Personally, having worked on AI research in the late 80s and early 90s I don't observe a lot of progress in replicating general intelligence. Of course, there has been a huge amount of progress in special purpose systems leveraging the huge amount of computing power we have now - but the fundamentals of general intelligence look as puzzling now as they did 20 years ago. I don't believe that we really have the right algorithms and it's simply a matter of scaling up the underlying hardware.
I think the most likely way to achieve a "real" general intelligence will be by reverse engineering how functioning brains and minds work. At least is an area where continual, albeit rather slow, progress is being made - eventually we will know how the mind works (assuming that there isn't anything fundamentally weird going on - which seems unlikely).
Once we understand how minds actually work I suspect there should be a good chance that we can upgrade/optimize these structures - either by architectural improvements or by throwing more resources at the areas that constrain current performance in biological brains. At that point things really could get rather exciting - but I don't expect this to happen in my lifetime (I'm in my 40s).
thanks! i have no background in AI but this just makes sense to me. this is why blue brain project [0] etc are exciting. so far there is less tangible output than traditional AI research, but it seems to be the only front focusing on true "intelligence".
edit: i admit i didn't read the article before replying here. my thoughts were already better articulated; "They're not studying the mind and they're not trying to find out the principles of intelligence, so research may not be the right word for what drives people in the field that today is called artificial intelligence. They're doing product development."
Surprised at the traction that this interview is gaining. This isn't all that different from the amatuer blog post from a few days ago saying the same thing where everyone educated the poster on the subject of modern AI development.

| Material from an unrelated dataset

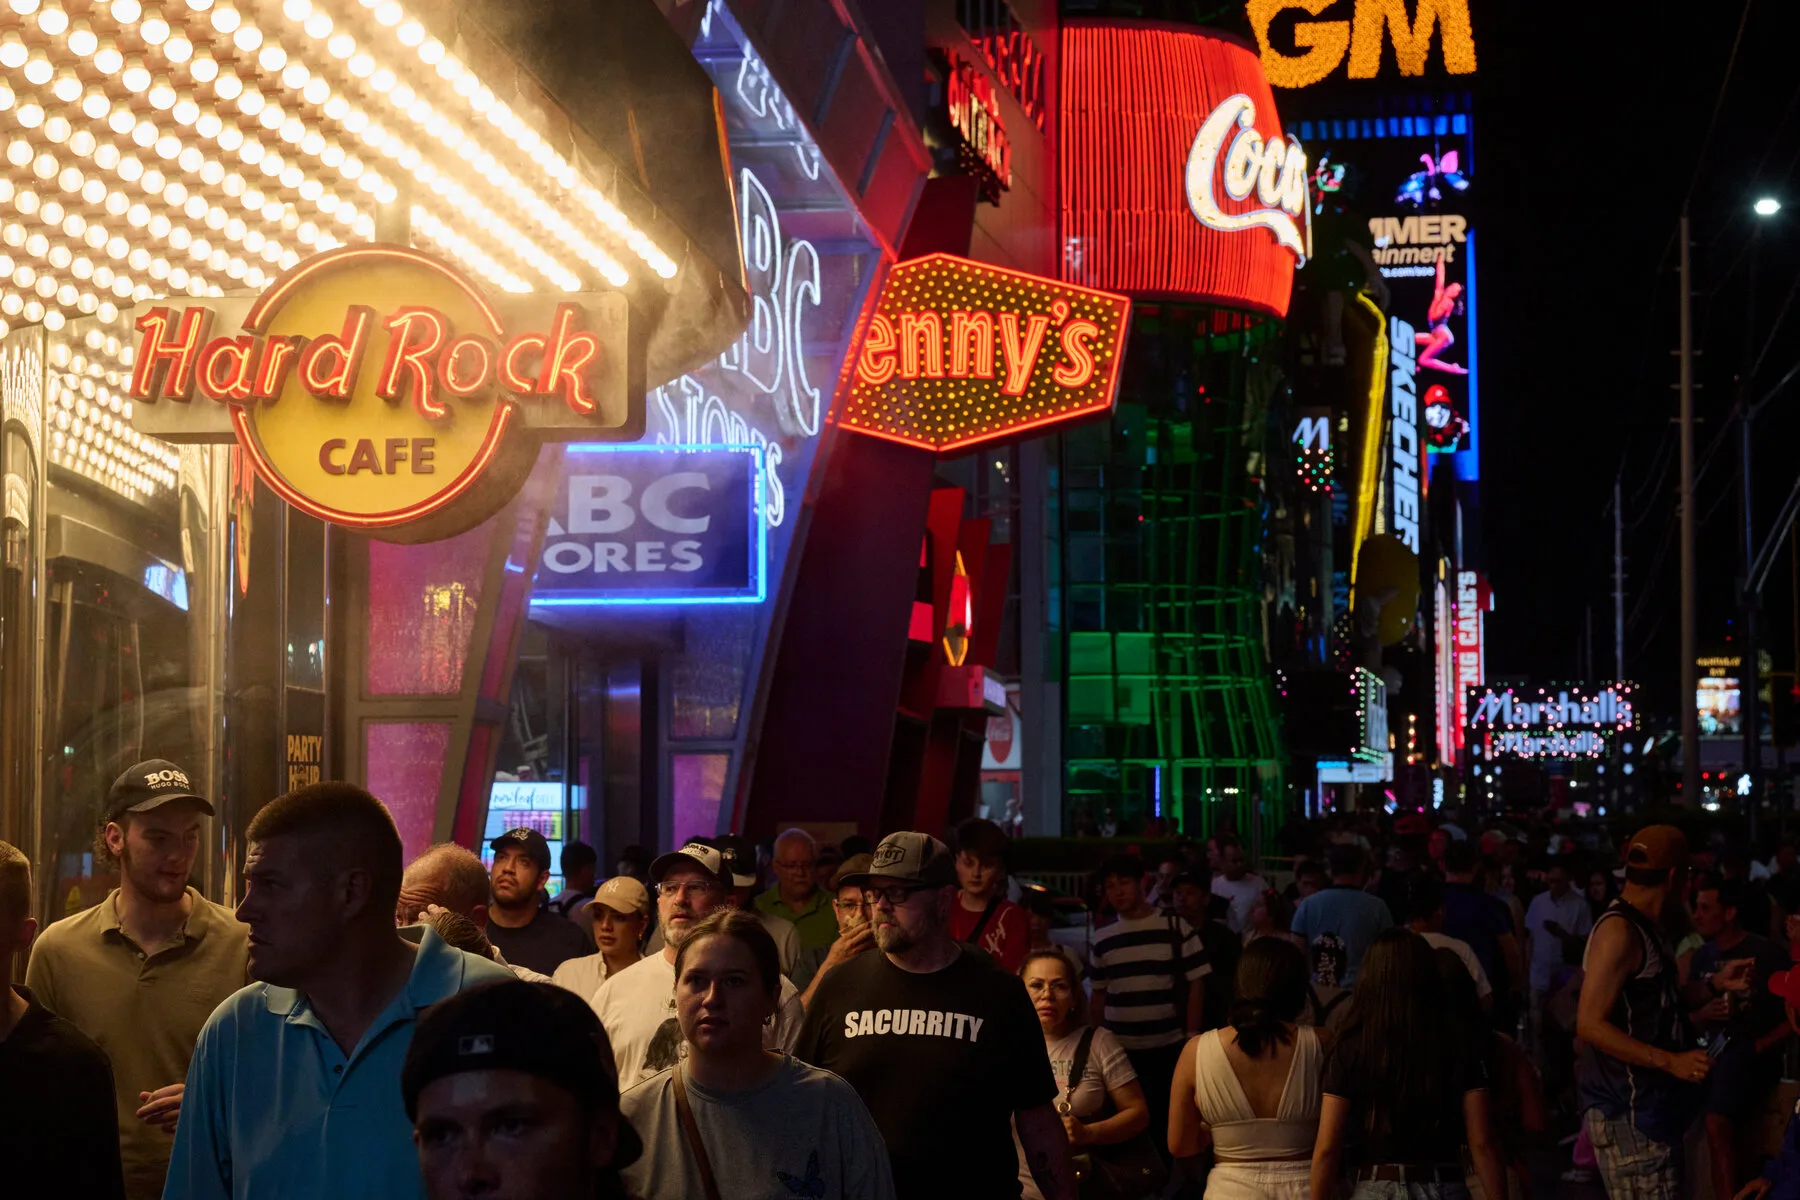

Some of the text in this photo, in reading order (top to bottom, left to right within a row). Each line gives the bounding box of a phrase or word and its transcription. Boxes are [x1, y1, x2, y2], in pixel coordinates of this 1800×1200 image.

Almost all the comments from that thread can be applied to here. People with this point of view suffer from a fundamental misunderstanding of what natural intelligence is in my opinion.
The way intelligence works, in my opinion, is this:
1) experiences are stored in the brain. Experiences contain inputs from the 5 senses as well as the sense of danger/satisfaction at that point.

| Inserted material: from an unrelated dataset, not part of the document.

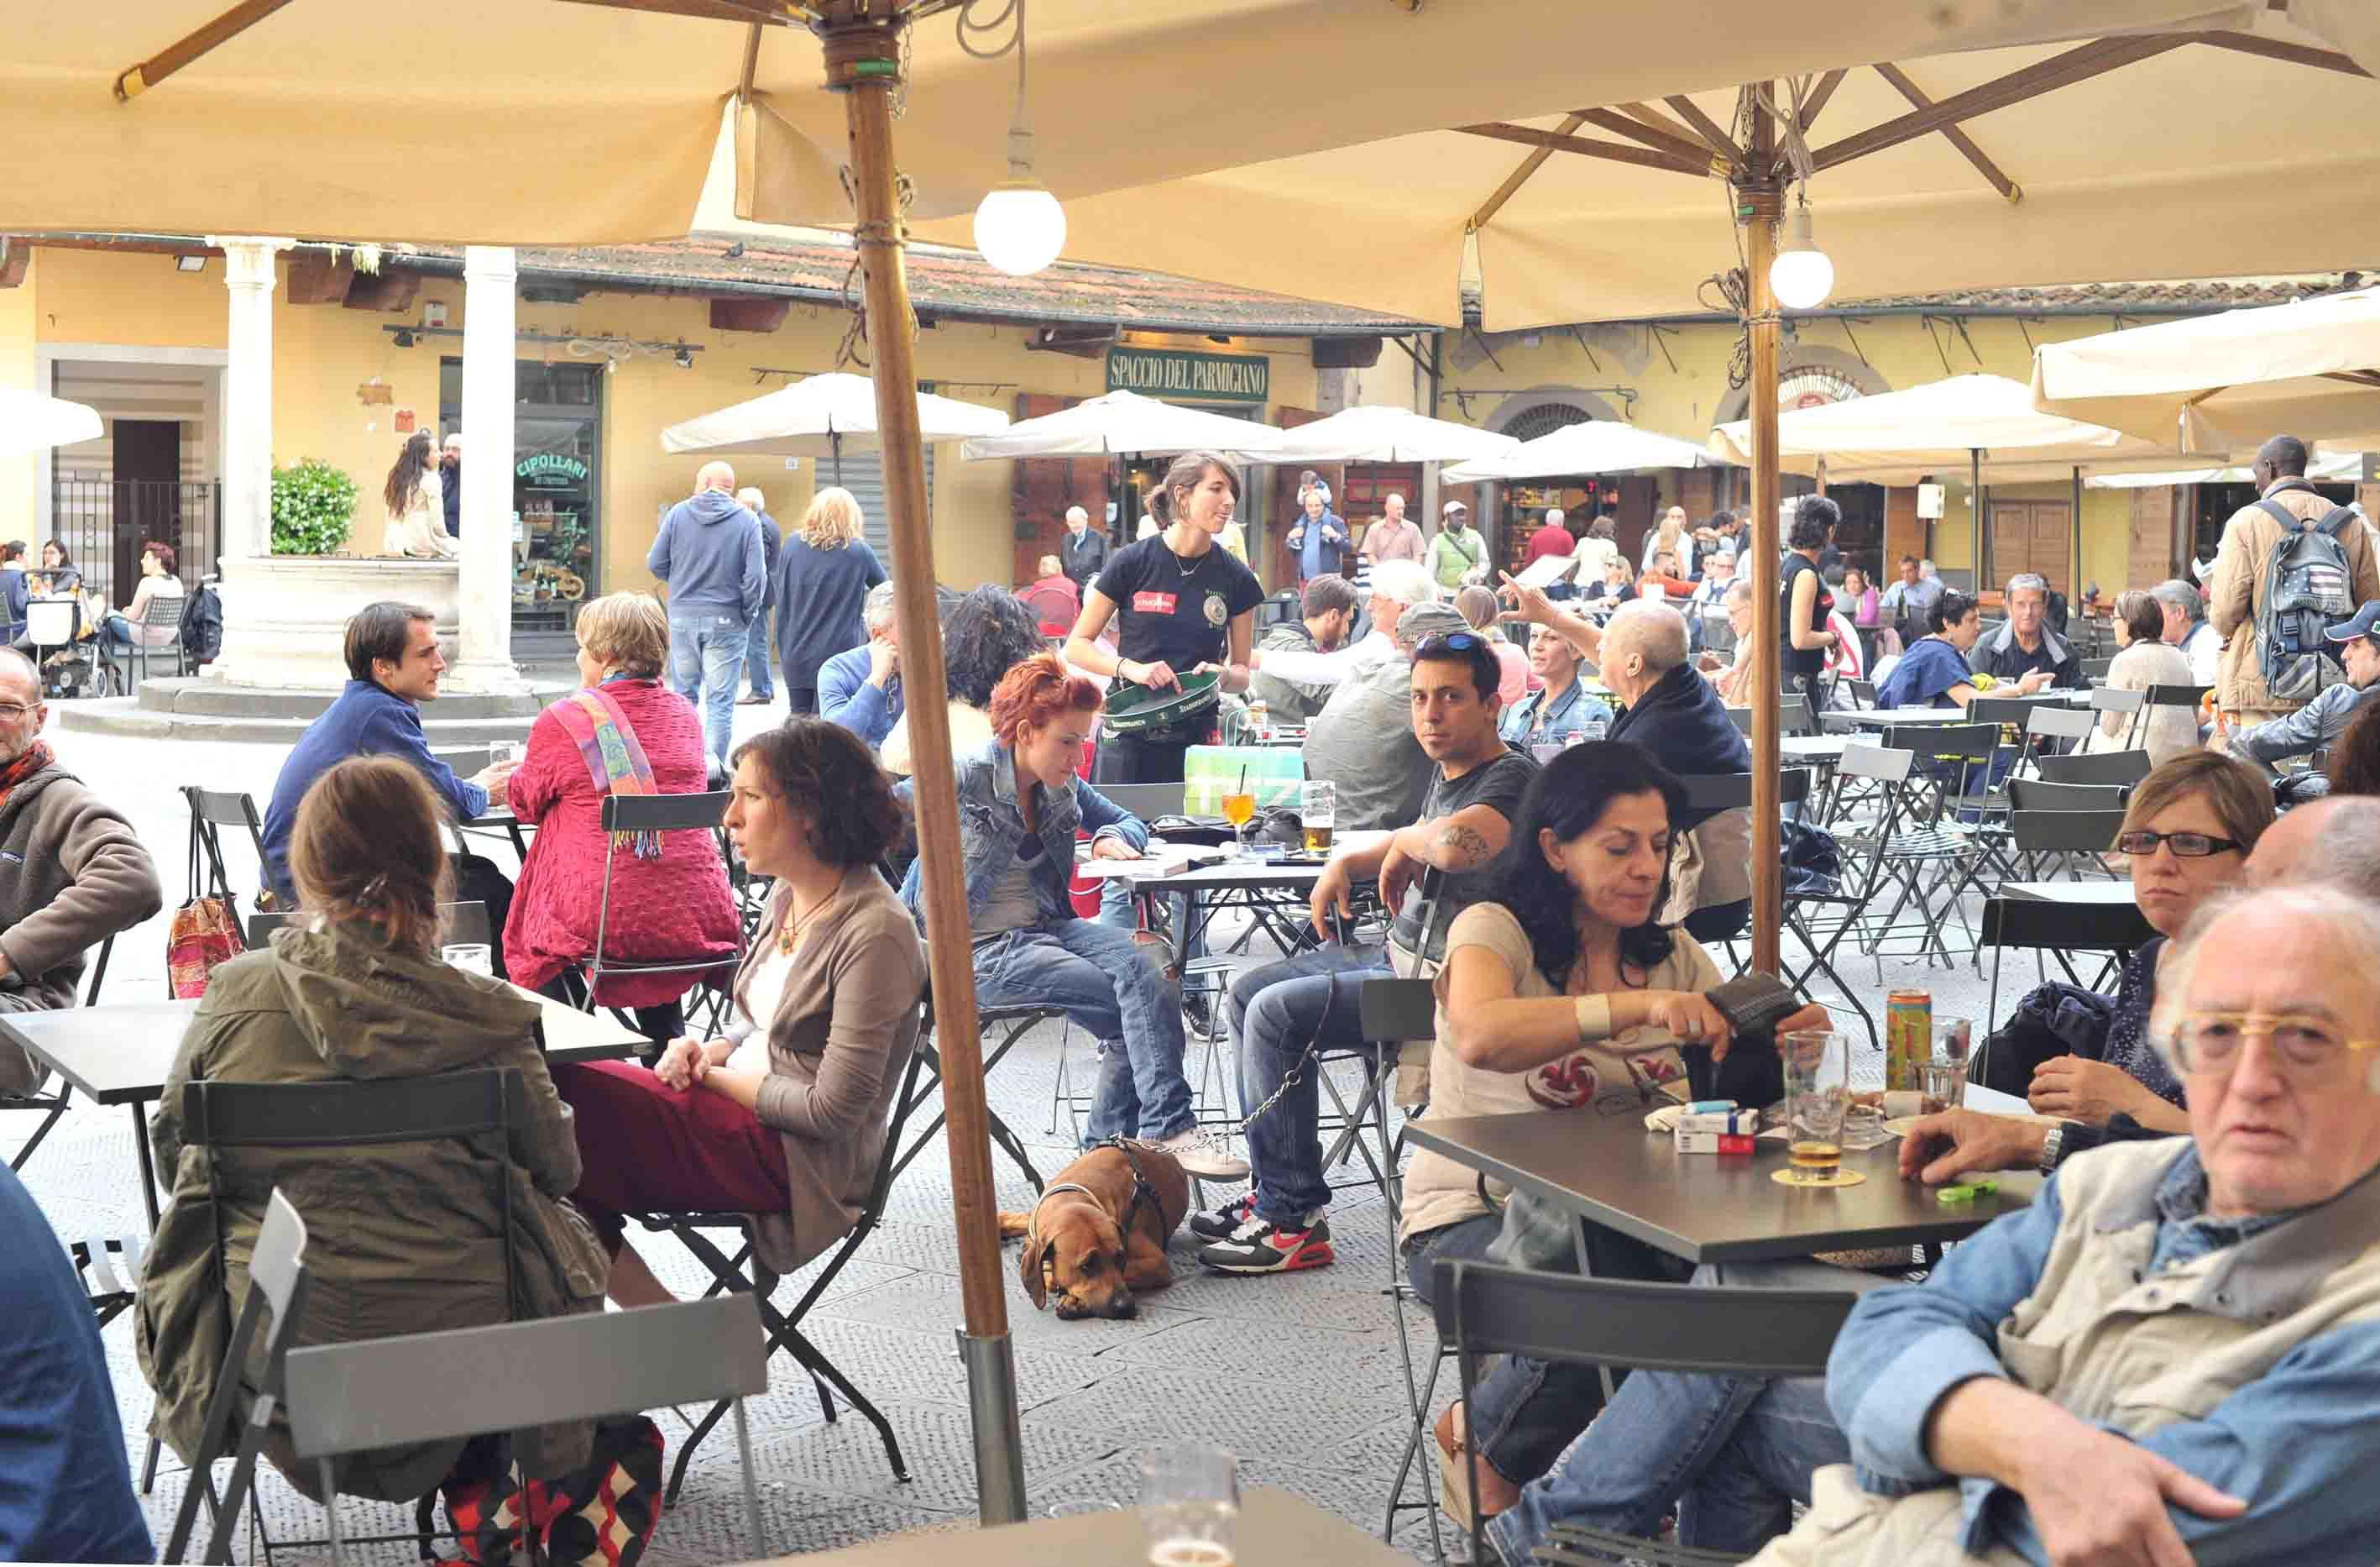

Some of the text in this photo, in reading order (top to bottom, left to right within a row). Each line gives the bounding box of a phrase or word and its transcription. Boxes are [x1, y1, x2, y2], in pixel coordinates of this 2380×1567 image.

[1111, 356, 1265, 395] SPACCIO DEL PARMIGIANO

2) at each given moment, the brain takes the current input and matches it against the stored experiences. If there is a match (up to a threshold), then the sense of danger/satisfaction is recalled. Thus the entity is able to 'predict', up to a specific point, if the outcome of the current situation is bad or good for it, and react accordingly.

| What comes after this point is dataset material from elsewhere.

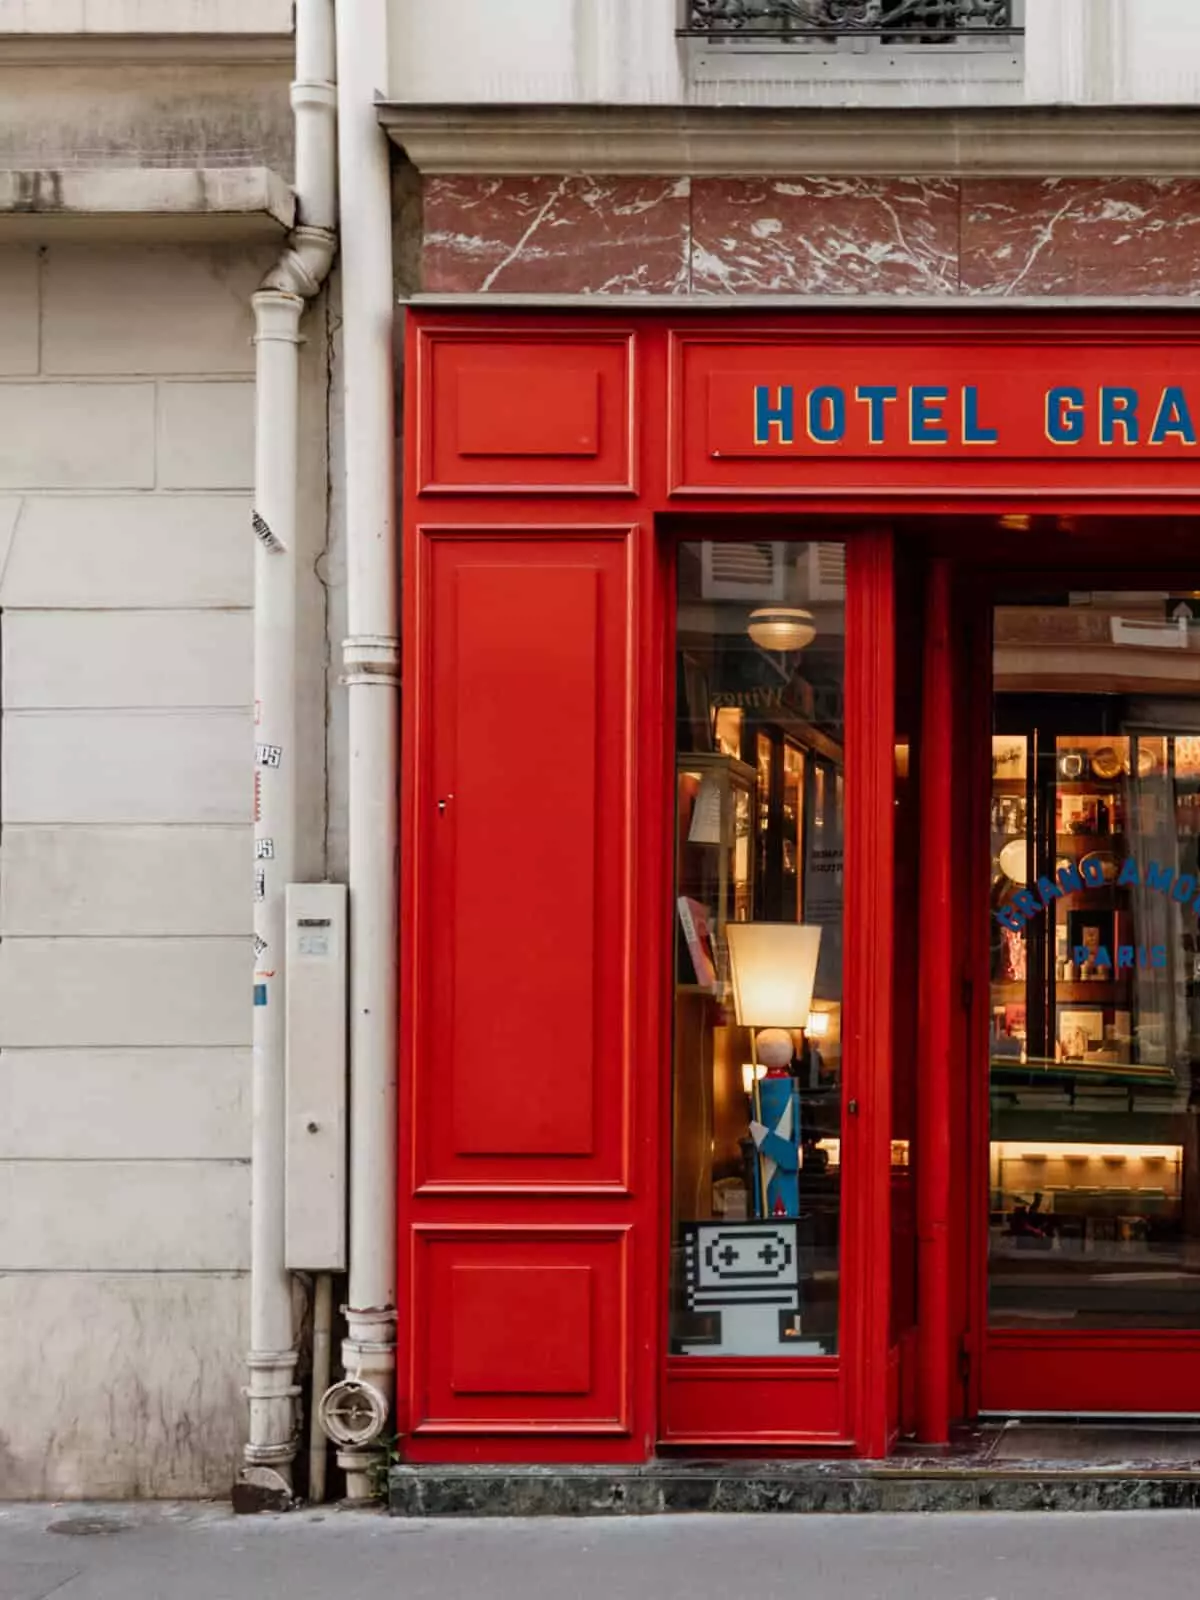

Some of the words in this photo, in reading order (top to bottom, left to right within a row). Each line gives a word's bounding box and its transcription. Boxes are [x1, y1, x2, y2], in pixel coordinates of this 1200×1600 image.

The key thing to the above is that the whole process is fused together: the steps for adding new experiences, matching new experiences and recalling reactions is fused together in big pile of neurons.
Each time we say 'oh well that's not actually the machine thinking it's just doing a search of a database / applying statistics / guessing' so it's not AI. Except we don't really know what it would mean for a machine to think, or understand text.